Comme le test à la tuberculine est inefficace chez le chat, le diagnostic a été réalisé par PCR et/ou par test à l'interféron gamma, en plus des données de l'histologie et de l'imagerie de ces cas. Tous confirmés, ces cas ont été déclarés aux autorités. En revanche, la réglementation n'impose pas de mesures aux propriétaires (à la différence des cas sur les animaux de rente). Les investigations ont été entreprises « à la charge de l'université d'Édimbourg et des propriétaires ». De fait, les experts britanniques de santé publique ont publié en 2014 un avis de 2013 suite aux deux premiers cas humains documentés d'infection à M. bovis transmise par un chat. Ils y précisent que l'infection des chats étant « sporadique, le risque [pour l'Homme] est considéré très faible. Sur la base de cette évaluation, le principe de précaution suggère que les membres du foyers et autres contacts étroits d'un chat infecté par M. bovis consultent et se voient remettre un avis de la part des services de santé publique pour minimiser ce risque de transmission ». Dans le cas présent « les propriétaires de deux des chats affectés ont été trouvés positifs ; l'un a requis un traitement antituberculeux ». Les auteurs précisent qu'outre le risque lié aux formes respiratoires, l'atteinte digestive rend probable la contamination de l'environnement des chats infectés (leur domicile) et que les propriétaires ont manipulé la viande probablement contaminée pour alimenter leur chat. Ils rappellent que la pasteurisation se fait à 71,5° C pendant au moins 15 secondes pour inactiver M. bovis, et « qu'il est hautement improbable qu'ils aient atteint ces conditions dans leur environnement domestique ». D'autant que la bactérie « peut survivre 60 jours dans l'eau, comme par exemple dans un siphon d'évier »

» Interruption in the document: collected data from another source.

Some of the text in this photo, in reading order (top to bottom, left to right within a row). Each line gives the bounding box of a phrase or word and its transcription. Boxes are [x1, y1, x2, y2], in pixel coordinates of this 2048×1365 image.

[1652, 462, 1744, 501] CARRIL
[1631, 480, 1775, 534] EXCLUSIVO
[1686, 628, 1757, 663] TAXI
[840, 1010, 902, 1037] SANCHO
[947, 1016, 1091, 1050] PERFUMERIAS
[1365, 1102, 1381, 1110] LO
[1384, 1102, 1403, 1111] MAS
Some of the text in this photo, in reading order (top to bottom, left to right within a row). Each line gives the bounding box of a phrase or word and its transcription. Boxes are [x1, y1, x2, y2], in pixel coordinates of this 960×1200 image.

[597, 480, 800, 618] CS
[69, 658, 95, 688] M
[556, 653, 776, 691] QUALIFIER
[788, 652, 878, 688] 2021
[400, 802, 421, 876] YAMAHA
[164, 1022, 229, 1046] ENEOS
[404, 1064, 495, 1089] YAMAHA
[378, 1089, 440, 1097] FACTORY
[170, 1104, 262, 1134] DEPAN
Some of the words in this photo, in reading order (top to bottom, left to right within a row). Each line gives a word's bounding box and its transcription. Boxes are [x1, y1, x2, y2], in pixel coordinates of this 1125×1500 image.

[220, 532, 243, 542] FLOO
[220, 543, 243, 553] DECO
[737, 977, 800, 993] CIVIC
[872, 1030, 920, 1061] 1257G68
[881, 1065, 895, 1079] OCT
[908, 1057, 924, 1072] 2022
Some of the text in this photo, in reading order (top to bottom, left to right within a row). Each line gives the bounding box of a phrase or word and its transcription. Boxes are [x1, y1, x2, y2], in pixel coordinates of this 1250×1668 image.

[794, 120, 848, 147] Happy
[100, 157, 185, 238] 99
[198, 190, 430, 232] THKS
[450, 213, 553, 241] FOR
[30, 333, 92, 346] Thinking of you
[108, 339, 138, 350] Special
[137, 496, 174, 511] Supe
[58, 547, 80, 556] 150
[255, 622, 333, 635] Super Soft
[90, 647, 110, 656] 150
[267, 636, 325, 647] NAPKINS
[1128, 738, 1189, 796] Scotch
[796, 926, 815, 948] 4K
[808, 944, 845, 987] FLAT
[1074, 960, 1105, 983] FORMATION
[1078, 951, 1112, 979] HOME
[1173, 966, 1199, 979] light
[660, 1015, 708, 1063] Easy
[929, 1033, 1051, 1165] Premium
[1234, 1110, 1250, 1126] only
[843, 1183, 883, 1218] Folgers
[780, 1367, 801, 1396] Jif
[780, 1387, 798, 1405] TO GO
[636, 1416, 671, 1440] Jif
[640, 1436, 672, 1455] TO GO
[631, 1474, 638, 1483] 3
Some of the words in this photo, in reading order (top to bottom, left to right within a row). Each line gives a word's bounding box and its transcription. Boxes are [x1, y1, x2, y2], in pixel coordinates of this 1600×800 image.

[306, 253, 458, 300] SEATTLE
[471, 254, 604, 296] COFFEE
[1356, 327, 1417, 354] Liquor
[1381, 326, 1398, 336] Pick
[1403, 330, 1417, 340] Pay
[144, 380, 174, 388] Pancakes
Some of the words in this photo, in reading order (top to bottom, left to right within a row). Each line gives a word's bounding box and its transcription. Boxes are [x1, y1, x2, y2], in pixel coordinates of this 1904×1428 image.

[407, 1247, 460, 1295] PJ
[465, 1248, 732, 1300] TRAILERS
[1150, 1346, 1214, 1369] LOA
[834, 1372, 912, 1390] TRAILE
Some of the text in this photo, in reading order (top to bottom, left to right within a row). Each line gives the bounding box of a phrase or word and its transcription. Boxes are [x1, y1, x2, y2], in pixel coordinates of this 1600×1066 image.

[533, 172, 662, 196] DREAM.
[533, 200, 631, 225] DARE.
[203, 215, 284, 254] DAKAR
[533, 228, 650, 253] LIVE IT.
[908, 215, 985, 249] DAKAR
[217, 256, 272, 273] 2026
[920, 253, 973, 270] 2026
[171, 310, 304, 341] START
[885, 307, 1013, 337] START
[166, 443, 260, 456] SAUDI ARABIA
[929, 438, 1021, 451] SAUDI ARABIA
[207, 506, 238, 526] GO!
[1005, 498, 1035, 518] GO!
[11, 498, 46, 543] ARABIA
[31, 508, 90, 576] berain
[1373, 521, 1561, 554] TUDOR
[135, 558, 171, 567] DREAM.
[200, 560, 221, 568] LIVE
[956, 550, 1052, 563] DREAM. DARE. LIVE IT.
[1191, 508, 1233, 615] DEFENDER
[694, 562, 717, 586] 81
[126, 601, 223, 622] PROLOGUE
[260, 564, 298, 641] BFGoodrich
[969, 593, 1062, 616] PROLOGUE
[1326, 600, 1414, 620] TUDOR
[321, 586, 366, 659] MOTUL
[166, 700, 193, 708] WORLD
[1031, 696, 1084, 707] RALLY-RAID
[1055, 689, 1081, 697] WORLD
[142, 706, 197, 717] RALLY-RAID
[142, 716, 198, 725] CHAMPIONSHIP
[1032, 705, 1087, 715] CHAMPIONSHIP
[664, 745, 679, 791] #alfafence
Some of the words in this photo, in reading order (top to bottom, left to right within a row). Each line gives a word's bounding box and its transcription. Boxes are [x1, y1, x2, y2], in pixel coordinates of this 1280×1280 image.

Les auteurs détaillent les hypothèses explorées avec les propriétaires pour expliquer la contamination des chats, mais préviennent que la seule « source probable » était la consommation exclusive ou fréquent de la version “gibier” de cet aliment frais (venison). Le 14 décembre dernier, le « fabricant d'aliment a rappelé le produit suspect ». Le motif alors invoqué était « certains de ses ingrédients n'avaient pas inspectés conformément à la réglementation européenne ». « A la suite de ces cas, nous avons entrepris l'exploration d'un nombre de cas en augmentation continue, ce qui nous a permis de commencer une enquête épidémiologique plus complète qui sera publiée séparément, une fois achevée ».